Segment Open

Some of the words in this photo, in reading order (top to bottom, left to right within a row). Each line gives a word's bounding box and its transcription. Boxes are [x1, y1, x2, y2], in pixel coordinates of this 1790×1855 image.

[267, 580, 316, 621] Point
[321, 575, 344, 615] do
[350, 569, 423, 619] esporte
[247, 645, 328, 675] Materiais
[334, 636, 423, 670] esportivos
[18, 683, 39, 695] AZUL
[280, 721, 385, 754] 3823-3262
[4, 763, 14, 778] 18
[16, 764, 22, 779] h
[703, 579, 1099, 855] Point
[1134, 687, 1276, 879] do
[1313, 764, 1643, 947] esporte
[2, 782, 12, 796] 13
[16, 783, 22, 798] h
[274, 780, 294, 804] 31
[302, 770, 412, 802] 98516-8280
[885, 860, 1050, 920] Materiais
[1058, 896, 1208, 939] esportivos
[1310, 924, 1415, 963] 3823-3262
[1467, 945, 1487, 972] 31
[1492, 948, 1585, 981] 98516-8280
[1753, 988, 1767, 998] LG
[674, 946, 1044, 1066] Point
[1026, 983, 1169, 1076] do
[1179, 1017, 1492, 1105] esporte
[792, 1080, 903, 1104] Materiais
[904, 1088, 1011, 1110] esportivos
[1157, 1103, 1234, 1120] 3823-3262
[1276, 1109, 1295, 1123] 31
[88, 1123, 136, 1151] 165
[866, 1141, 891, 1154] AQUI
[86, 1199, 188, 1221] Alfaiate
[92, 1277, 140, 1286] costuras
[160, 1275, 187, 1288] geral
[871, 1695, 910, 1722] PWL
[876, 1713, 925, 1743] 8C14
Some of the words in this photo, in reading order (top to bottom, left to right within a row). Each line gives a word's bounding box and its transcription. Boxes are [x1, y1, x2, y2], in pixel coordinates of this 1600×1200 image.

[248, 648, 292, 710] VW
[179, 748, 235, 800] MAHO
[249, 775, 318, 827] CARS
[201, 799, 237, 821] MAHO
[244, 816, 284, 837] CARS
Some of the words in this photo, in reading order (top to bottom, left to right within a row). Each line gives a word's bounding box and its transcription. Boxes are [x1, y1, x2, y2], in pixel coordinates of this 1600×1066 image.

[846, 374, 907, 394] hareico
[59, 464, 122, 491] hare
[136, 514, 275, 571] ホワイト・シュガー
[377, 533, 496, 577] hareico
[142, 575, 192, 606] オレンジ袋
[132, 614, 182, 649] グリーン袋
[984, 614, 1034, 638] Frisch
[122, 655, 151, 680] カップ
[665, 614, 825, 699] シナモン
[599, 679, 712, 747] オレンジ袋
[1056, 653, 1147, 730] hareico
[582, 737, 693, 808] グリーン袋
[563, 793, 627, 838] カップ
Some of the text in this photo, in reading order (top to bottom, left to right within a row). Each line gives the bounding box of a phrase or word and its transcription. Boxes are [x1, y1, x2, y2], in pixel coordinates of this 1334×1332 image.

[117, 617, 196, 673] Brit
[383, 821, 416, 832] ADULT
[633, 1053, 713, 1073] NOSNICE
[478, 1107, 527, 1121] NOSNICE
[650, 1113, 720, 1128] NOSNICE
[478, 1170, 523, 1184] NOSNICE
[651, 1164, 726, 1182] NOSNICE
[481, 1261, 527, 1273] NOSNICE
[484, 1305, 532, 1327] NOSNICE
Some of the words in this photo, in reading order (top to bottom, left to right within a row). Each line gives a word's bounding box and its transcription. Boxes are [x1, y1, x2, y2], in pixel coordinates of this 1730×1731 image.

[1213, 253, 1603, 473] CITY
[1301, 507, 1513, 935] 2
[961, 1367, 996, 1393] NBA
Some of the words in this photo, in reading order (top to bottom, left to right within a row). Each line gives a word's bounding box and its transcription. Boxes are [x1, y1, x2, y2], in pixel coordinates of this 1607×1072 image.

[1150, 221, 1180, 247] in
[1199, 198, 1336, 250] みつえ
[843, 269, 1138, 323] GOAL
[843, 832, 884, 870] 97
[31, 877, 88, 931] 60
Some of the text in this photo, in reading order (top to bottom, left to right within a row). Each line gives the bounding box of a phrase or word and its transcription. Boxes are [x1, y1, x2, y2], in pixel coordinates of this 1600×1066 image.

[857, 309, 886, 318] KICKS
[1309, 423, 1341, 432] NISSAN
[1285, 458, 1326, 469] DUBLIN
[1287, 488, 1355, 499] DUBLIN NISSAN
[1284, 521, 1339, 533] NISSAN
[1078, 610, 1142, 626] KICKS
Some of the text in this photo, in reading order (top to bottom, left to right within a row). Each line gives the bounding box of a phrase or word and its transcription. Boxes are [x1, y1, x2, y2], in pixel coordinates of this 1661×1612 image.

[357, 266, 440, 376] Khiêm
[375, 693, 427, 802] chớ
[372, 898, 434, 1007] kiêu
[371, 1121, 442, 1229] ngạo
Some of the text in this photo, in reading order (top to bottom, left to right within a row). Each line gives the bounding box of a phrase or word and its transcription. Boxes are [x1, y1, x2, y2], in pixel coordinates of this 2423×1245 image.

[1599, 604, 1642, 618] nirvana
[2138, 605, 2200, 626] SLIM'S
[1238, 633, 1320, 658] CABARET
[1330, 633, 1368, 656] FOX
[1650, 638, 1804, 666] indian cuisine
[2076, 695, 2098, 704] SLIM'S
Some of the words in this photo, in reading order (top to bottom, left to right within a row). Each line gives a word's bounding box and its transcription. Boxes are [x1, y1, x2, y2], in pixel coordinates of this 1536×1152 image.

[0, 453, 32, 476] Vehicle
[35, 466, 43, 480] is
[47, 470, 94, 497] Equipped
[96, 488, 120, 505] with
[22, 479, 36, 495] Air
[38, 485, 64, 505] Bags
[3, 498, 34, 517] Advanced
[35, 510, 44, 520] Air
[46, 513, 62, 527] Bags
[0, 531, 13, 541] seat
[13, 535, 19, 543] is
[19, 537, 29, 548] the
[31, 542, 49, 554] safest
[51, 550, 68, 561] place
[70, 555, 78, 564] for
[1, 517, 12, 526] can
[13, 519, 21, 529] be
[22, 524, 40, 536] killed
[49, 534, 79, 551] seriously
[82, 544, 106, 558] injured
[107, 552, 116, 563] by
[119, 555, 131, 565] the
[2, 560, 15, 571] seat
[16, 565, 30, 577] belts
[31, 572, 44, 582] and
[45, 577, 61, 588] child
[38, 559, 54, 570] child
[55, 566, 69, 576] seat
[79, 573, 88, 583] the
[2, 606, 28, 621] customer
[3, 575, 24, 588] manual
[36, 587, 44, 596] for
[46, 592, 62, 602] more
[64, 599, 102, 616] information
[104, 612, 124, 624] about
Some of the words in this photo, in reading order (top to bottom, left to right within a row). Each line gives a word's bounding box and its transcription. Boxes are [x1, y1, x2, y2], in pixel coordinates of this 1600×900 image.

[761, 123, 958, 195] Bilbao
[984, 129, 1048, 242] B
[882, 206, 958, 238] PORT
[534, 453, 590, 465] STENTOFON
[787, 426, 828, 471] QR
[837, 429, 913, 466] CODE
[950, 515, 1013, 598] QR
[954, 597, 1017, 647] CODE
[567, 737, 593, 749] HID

Segment Closed

Word for word, output all of the material.

Some of the words in this photo, in reading order (top to bottom, left to right within a row). Each line gives a word's bounding box and its transcription. Boxes are [x1, y1, x2, y2], in pixel coordinates of this 1790×1855 image.

[267, 580, 316, 621] Point
[321, 575, 344, 615] do
[350, 569, 423, 619] esporte
[247, 645, 328, 675] Materiais
[334, 636, 423, 670] esportivos
[18, 683, 39, 695] AZUL
[280, 721, 385, 754] 3823-3262
[4, 763, 14, 778] 18
[16, 764, 22, 779] h
[703, 579, 1099, 855] Point
[1134, 687, 1276, 879] do
[1313, 764, 1643, 947] esporte
[2, 782, 12, 796] 13
[16, 783, 22, 798] h
[274, 780, 294, 804] 31
[302, 770, 412, 802] 98516-8280
[885, 860, 1050, 920] Materiais
[1058, 896, 1208, 939] esportivos
[1310, 924, 1415, 963] 3823-3262
[1467, 945, 1487, 972] 31
[1492, 948, 1585, 981] 98516-8280
[1753, 988, 1767, 998] LG
[674, 946, 1044, 1066] Point
[1026, 983, 1169, 1076] do
[1179, 1017, 1492, 1105] esporte
[792, 1080, 903, 1104] Materiais
[904, 1088, 1011, 1110] esportivos
[1157, 1103, 1234, 1120] 3823-3262
[1276, 1109, 1295, 1123] 31
[88, 1123, 136, 1151] 165
[866, 1141, 891, 1154] AQUI
[86, 1199, 188, 1221] Alfaiate
[92, 1277, 140, 1286] costuras
[160, 1275, 187, 1288] geral
[871, 1695, 910, 1722] PWL
[876, 1713, 925, 1743] 8C14
Some of the words in this photo, in reading order (top to bottom, left to right within a row). Each line gives a word's bounding box and its transcription. Boxes are [x1, y1, x2, y2], in pixel coordinates of this 1600×1200 image.

[248, 648, 292, 710] VW
[179, 748, 235, 800] MAHO
[249, 775, 318, 827] CARS
[201, 799, 237, 821] MAHO
[244, 816, 284, 837] CARS
Some of the words in this photo, in reading order (top to bottom, left to right within a row). Each line gives a word's bounding box and its transcription. Boxes are [x1, y1, x2, y2], in pixel coordinates of this 1600×1066 image.

[846, 374, 907, 394] hareico
[59, 464, 122, 491] hare
[136, 514, 275, 571] ホワイト・シュガー
[377, 533, 496, 577] hareico
[142, 575, 192, 606] オレンジ袋
[132, 614, 182, 649] グリーン袋
[984, 614, 1034, 638] Frisch
[122, 655, 151, 680] カップ
[665, 614, 825, 699] シナモン
[599, 679, 712, 747] オレンジ袋
[1056, 653, 1147, 730] hareico
[582, 737, 693, 808] グリーン袋
[563, 793, 627, 838] カップ
Some of the text in this photo, in reading order (top to bottom, left to right within a row). Each line gives the bounding box of a phrase or word and its transcription. Boxes are [x1, y1, x2, y2], in pixel coordinates of this 1334×1332 image.

[117, 617, 196, 673] Brit
[383, 821, 416, 832] ADULT
[633, 1053, 713, 1073] NOSNICE
[478, 1107, 527, 1121] NOSNICE
[650, 1113, 720, 1128] NOSNICE
[478, 1170, 523, 1184] NOSNICE
[651, 1164, 726, 1182] NOSNICE
[481, 1261, 527, 1273] NOSNICE
[484, 1305, 532, 1327] NOSNICE
Some of the words in this photo, in reading order (top to bottom, left to right within a row). Each line gives a word's bounding box and its transcription. Boxes are [x1, y1, x2, y2], in pixel coordinates of this 1730×1731 image.

[1213, 253, 1603, 473] CITY
[1301, 507, 1513, 935] 2
[961, 1367, 996, 1393] NBA
Some of the words in this photo, in reading order (top to bottom, left to right within a row). Each line gives a word's bounding box and its transcription. Boxes are [x1, y1, x2, y2], in pixel coordinates of this 1607×1072 image.

[1150, 221, 1180, 247] in
[1199, 198, 1336, 250] みつえ
[843, 269, 1138, 323] GOAL
[843, 832, 884, 870] 97
[31, 877, 88, 931] 60
Some of the text in this photo, in reading order (top to bottom, left to right within a row). Each line gives the bounding box of a phrase or word and its transcription. Boxes are [x1, y1, x2, y2], in pixel coordinates of this 1600×1066 image.

[857, 309, 886, 318] KICKS
[1309, 423, 1341, 432] NISSAN
[1285, 458, 1326, 469] DUBLIN
[1287, 488, 1355, 499] DUBLIN NISSAN
[1284, 521, 1339, 533] NISSAN
[1078, 610, 1142, 626] KICKS
Some of the text in this photo, in reading order (top to bottom, left to right within a row). Each line gives the bounding box of a phrase or word and its transcription. Boxes are [x1, y1, x2, y2], in pixel coordinates of this 1661×1612 image.

[357, 266, 440, 376] Khiêm
[375, 693, 427, 802] chớ
[372, 898, 434, 1007] kiêu
[371, 1121, 442, 1229] ngạo
Some of the text in this photo, in reading order (top to bottom, left to right within a row). Each line gives the bounding box of a phrase or word and its transcription. Boxes are [x1, y1, x2, y2], in pixel coordinates of this 2423×1245 image.

[1599, 604, 1642, 618] nirvana
[2138, 605, 2200, 626] SLIM'S
[1238, 633, 1320, 658] CABARET
[1330, 633, 1368, 656] FOX
[1650, 638, 1804, 666] indian cuisine
[2076, 695, 2098, 704] SLIM'S
Some of the words in this photo, in reading order (top to bottom, left to right within a row). Each line gives a word's bounding box and its transcription. Boxes are [x1, y1, x2, y2], in pixel coordinates of this 1536×1152 image.

[0, 453, 32, 476] Vehicle
[35, 466, 43, 480] is
[47, 470, 94, 497] Equipped
[96, 488, 120, 505] with
[22, 479, 36, 495] Air
[38, 485, 64, 505] Bags
[3, 498, 34, 517] Advanced
[35, 510, 44, 520] Air
[46, 513, 62, 527] Bags
[0, 531, 13, 541] seat
[13, 535, 19, 543] is
[19, 537, 29, 548] the
[31, 542, 49, 554] safest
[51, 550, 68, 561] place
[70, 555, 78, 564] for
[1, 517, 12, 526] can
[13, 519, 21, 529] be
[22, 524, 40, 536] killed
[49, 534, 79, 551] seriously
[82, 544, 106, 558] injured
[107, 552, 116, 563] by
[119, 555, 131, 565] the
[2, 560, 15, 571] seat
[16, 565, 30, 577] belts
[31, 572, 44, 582] and
[45, 577, 61, 588] child
[38, 559, 54, 570] child
[55, 566, 69, 576] seat
[79, 573, 88, 583] the
[2, 606, 28, 621] customer
[3, 575, 24, 588] manual
[36, 587, 44, 596] for
[46, 592, 62, 602] more
[64, 599, 102, 616] information
[104, 612, 124, 624] about
Some of the words in this photo, in reading order (top to bottom, left to right within a row). Each line gives a word's bounding box and its transcription. Boxes are [x1, y1, x2, y2], in pixel coordinates of this 1600×900 image.

[761, 123, 958, 195] Bilbao
[984, 129, 1048, 242] B
[882, 206, 958, 238] PORT
[534, 453, 590, 465] STENTOFON
[787, 426, 828, 471] QR
[837, 429, 913, 466] CODE
[950, 515, 1013, 598] QR
[954, 597, 1017, 647] CODE
[567, 737, 593, 749] HID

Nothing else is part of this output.